Mike, of course, filled the silence himself. "You know what my ability is, right?" He didn't give me time to respond. "I can create things. Anything I can imagine. Guns, knives, gadgets, whole arsenals if I want. All it takes is a thought and—bam—it's in my hands." He snapped his fingers, his smirk widening.
"The catch?" He tilted his head, pretending to think. "I can't make living things. No people, no animals, no plants. And I can't make natural stuff like water or fire. But everything else?" He spread his arms wide, as if to embrace the whole world. "Fair game. They call it a 'tech' ability, but honestly, I think it's bigger than that."
He looked at me expectantly, like a child waiting for applause. I forced a polite smile so he wouldn't press me further, but my mind kept circling back to the wrecked field and the people I'd hurt.
"David tried explaining it to you yesterday, yeah?" Mike went on, rolling his eyes. "Classic David. Guy's like a walking textbook. He'll give you three different theories before you've even asked one question. Me? I usually just nod and pretend I get it. Keeps him happy." He chuckled, clearly amused with himself.
I gave him another small smile, just enough to show I was listening.

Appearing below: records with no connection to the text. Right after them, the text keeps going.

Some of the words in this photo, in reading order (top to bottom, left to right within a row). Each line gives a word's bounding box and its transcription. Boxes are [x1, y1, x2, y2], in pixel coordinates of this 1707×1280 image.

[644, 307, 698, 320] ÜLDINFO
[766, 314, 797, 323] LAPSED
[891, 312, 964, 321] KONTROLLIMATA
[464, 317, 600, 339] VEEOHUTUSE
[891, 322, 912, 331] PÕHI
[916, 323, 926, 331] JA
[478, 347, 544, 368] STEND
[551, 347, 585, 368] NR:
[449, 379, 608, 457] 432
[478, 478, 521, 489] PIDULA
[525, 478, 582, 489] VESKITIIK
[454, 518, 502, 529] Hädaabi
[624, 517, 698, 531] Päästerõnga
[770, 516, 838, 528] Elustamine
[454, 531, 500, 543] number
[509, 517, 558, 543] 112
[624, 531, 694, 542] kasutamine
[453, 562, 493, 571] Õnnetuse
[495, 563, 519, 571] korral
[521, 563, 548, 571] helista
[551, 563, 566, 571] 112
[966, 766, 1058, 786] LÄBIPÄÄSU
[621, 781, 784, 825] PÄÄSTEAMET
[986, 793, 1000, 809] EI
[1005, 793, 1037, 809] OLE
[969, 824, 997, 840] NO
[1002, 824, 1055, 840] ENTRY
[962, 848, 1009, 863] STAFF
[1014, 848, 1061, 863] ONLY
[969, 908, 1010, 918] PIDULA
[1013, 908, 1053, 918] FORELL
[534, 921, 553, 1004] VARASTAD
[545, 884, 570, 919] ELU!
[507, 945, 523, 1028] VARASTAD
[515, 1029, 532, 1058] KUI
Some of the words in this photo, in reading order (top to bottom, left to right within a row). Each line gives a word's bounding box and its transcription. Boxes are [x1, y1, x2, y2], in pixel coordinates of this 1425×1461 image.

Finally, the hallway widened into a new chamber, and the change in atmosphere hit me instantly. The ceiling soared high above, lined with cold white spotlights that cast sharp shadows on the floor. Along the walls, racks of weapons gleamed under the lights: rifles, pistols, knives, grenades, even stranger devices I didn't recognize. The air smelled faintly of oil and metal.
At the center stood Medusa. Her arms were crossed, her eyes sharp as steel. She looked like she'd been waiting, patient but coiled, her presence filling the room more than the weapons around her.
Katara and David were absent, and their absence made the space feel both safer and more dangerous at once.
"Finally," Medusa said, her voice carrying effortlessly across the room. She gestured to the open floor. "Lena, stand there."
I obeyed, stepping into the middle, the weight of all those weapons pressing down on me like a thousand watching eyes.
"Here's how this will go," Medusa continued. "Mike will monitor your vitals—pulse, breathing, everything. I'll be evaluating your power output. For now, you're not forced to force anything. Just focus on activating your ability."
Her words made me feel less like a person and more like an experiment. A weapon on trial.
Medusa's eyes narrowed, her expression unreadable. "And later," she added, her tone sharpening like a blade unsheathed, "you'll fight me."
The silence that followed pressed against my ears, heavy and suffocating. My heart kicked harder in my chest, but I couldn't find my voice.
I swallowed hard. The chains of fear wrapped tighter.